▸ PROBLEM REQUIREMENTS: A faithful, complete copy of the entries below is required, with images removed.

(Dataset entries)
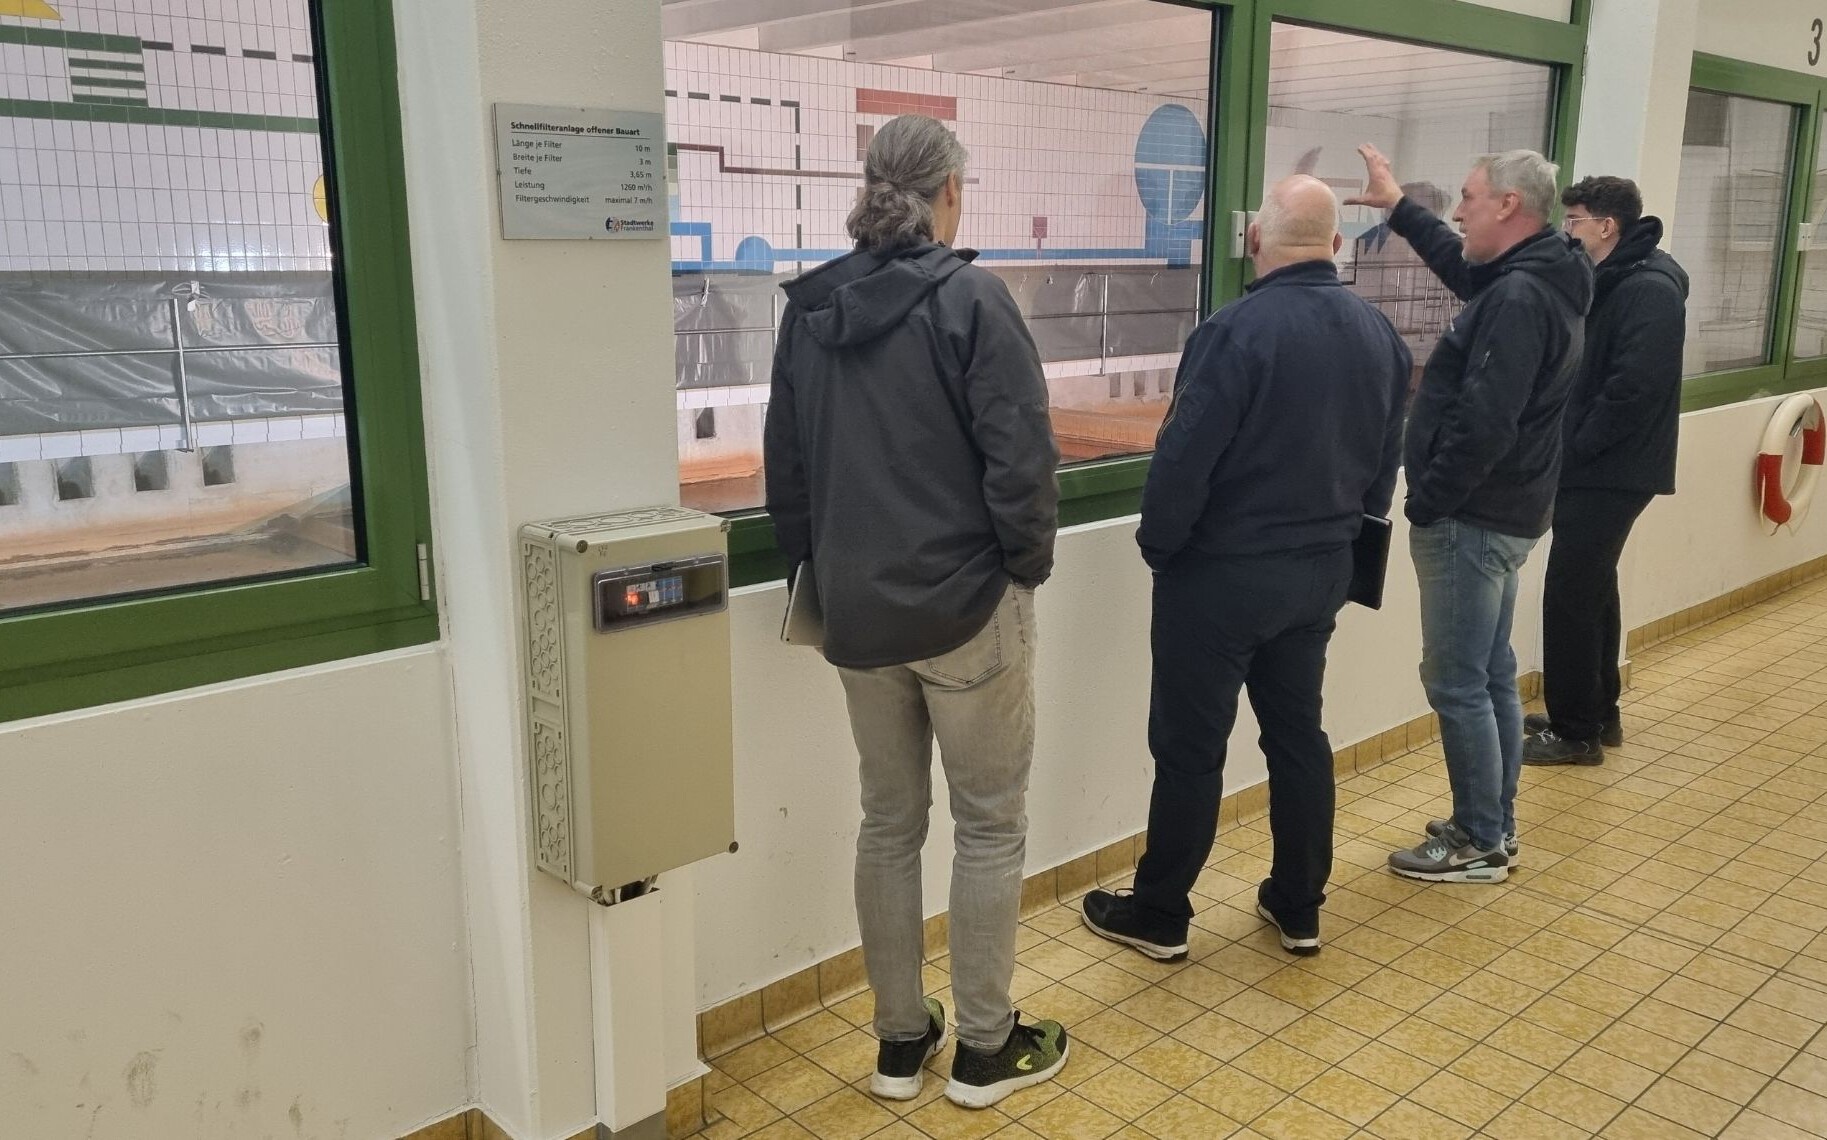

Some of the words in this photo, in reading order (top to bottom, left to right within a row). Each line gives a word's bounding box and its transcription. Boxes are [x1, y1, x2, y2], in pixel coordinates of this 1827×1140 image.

[1807, 18, 1823, 66] 3
[511, 122, 585, 134] Schnellfilteranlage
[586, 126, 614, 135] offener
[616, 128, 640, 136] Bauart
[512, 139, 534, 149] Länge
[536, 141, 542, 149] je
[544, 141, 562, 149] Filter
[513, 154, 535, 162] Breite
[536, 155, 542, 163] je
[544, 154, 562, 162] Filter
[514, 167, 532, 175] Tiefe
[630, 171, 644, 179] 3,65
[515, 181, 545, 190] Leistung
[516, 195, 590, 205] Filtergeschwindigkeit

▸ FINISHED EXERCISE:
Some of the words in this photo, in reading order (top to bottom, left to right within a row). Each line gives a word's bounding box and its transcription. Boxes are [x1, y1, x2, y2], in pixel coordinates of this 1827×1140 image.

[1807, 18, 1823, 66] 3
[511, 122, 585, 134] Schnellfilteranlage
[586, 126, 614, 135] offener
[616, 128, 640, 136] Bauart
[512, 139, 534, 149] Länge
[536, 141, 542, 149] je
[544, 141, 562, 149] Filter
[513, 154, 535, 162] Breite
[536, 155, 542, 163] je
[544, 154, 562, 162] Filter
[514, 167, 532, 175] Tiefe
[630, 171, 644, 179] 3,65
[515, 181, 545, 190] Leistung
[516, 195, 590, 205] Filtergeschwindigkeit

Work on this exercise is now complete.